INSTRUCTIONS FOR THE TASK ::
Write out each record exactly as given, but do not include the pictures.
═════ GIVEN DATA
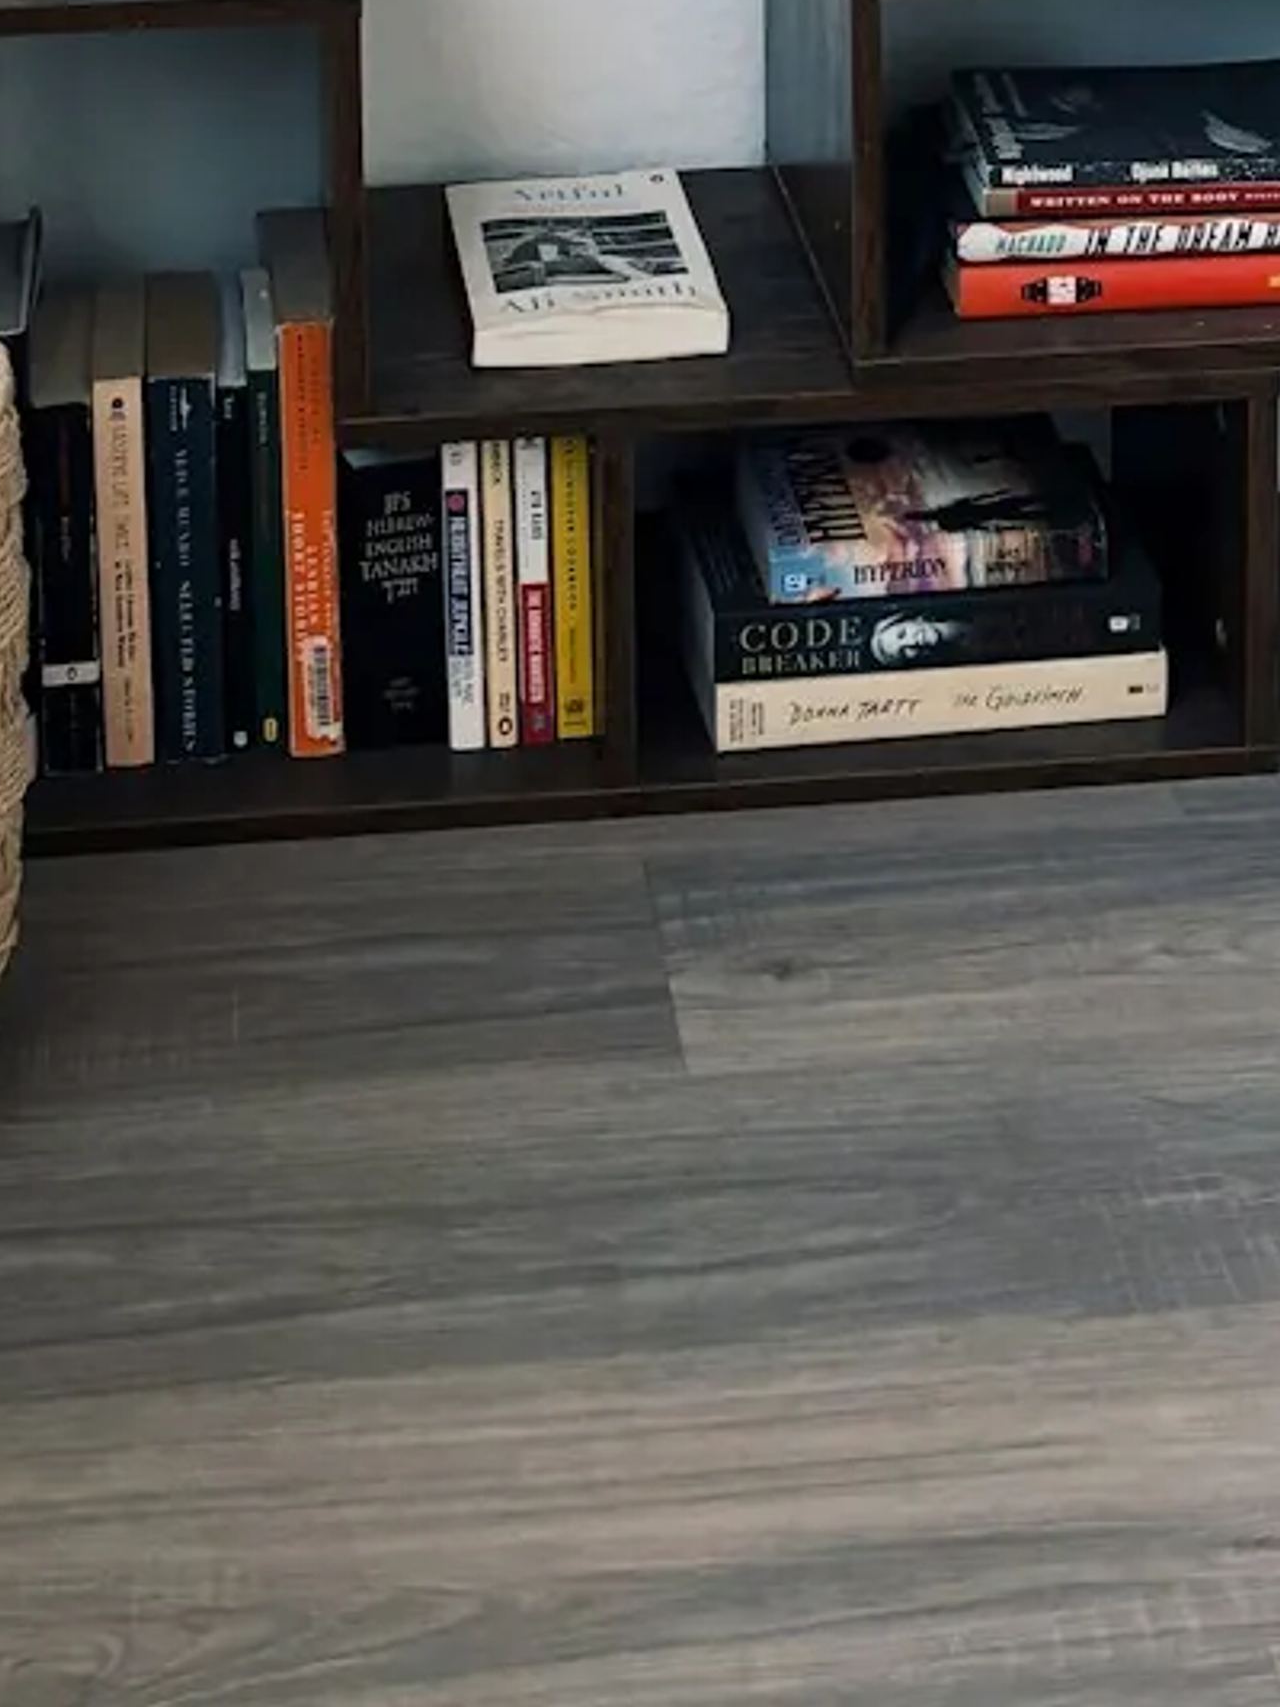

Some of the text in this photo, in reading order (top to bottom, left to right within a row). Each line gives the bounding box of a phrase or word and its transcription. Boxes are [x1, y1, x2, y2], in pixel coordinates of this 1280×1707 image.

[1001, 162, 1073, 185] Nightwood
[1029, 195, 1111, 208] WRITTEN
[1117, 194, 1144, 206] ON
[1150, 193, 1185, 205] THE
[1191, 192, 1239, 204] BODY
[1084, 229, 1111, 255] IN
[1122, 225, 1163, 252] THE
[1176, 222, 1254, 251] DREAM
[364, 532, 433, 559] ENGLISH
[358, 551, 439, 581] TANAKH
[853, 555, 948, 585] HYPERION
[739, 616, 863, 654] CODE
[741, 651, 861, 675] BREAKER
[856, 696, 923, 721] TARTT
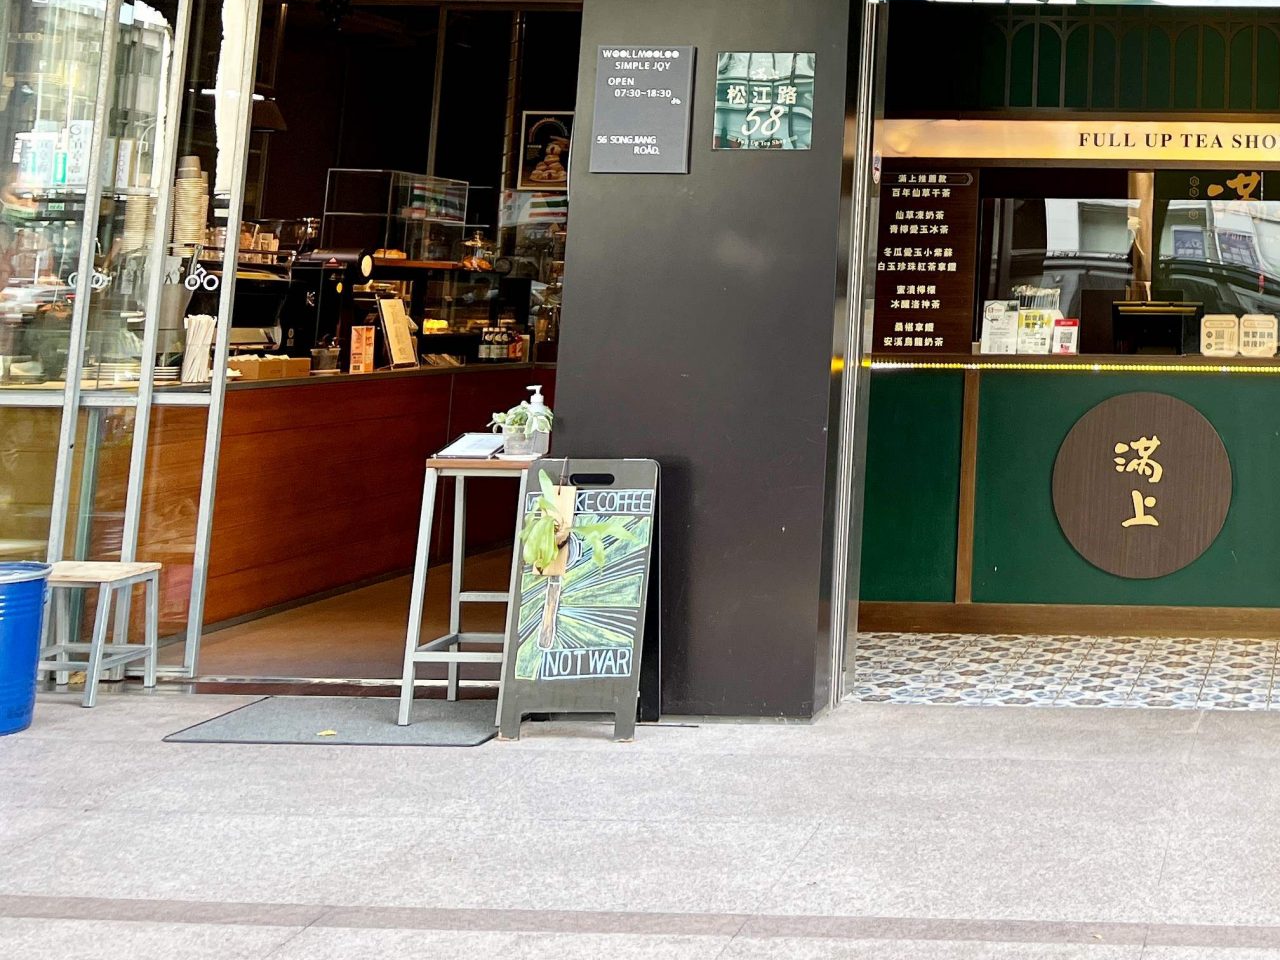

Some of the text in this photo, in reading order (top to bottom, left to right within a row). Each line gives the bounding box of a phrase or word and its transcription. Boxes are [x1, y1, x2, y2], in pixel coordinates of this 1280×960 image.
══════════
EXERCISE SOLUTION ::
Some of the text in this photo, in reading order (top to bottom, left to right within a row). Each line gives the bounding box of a phrase or word and its transcription. Boxes are [x1, y1, x2, y2], in pixel coordinates of this 1280×1707 image.

[1001, 162, 1073, 185] Nightwood
[1029, 195, 1111, 208] WRITTEN
[1117, 194, 1144, 206] ON
[1150, 193, 1185, 205] THE
[1191, 192, 1239, 204] BODY
[1084, 229, 1111, 255] IN
[1122, 225, 1163, 252] THE
[1176, 222, 1254, 251] DREAM
[364, 532, 433, 559] ENGLISH
[358, 551, 439, 581] TANAKH
[853, 555, 948, 585] HYPERION
[739, 616, 863, 654] CODE
[741, 651, 861, 675] BREAKER
[856, 696, 923, 721] TARTT

Some of the text in this photo, in reading order (top to bottom, left to right within a row). Each line gives the bounding box of a phrase or word and its transcription. Boxes are [x1, y1, x2, y2], in pixel coordinates of this 1280×960 image.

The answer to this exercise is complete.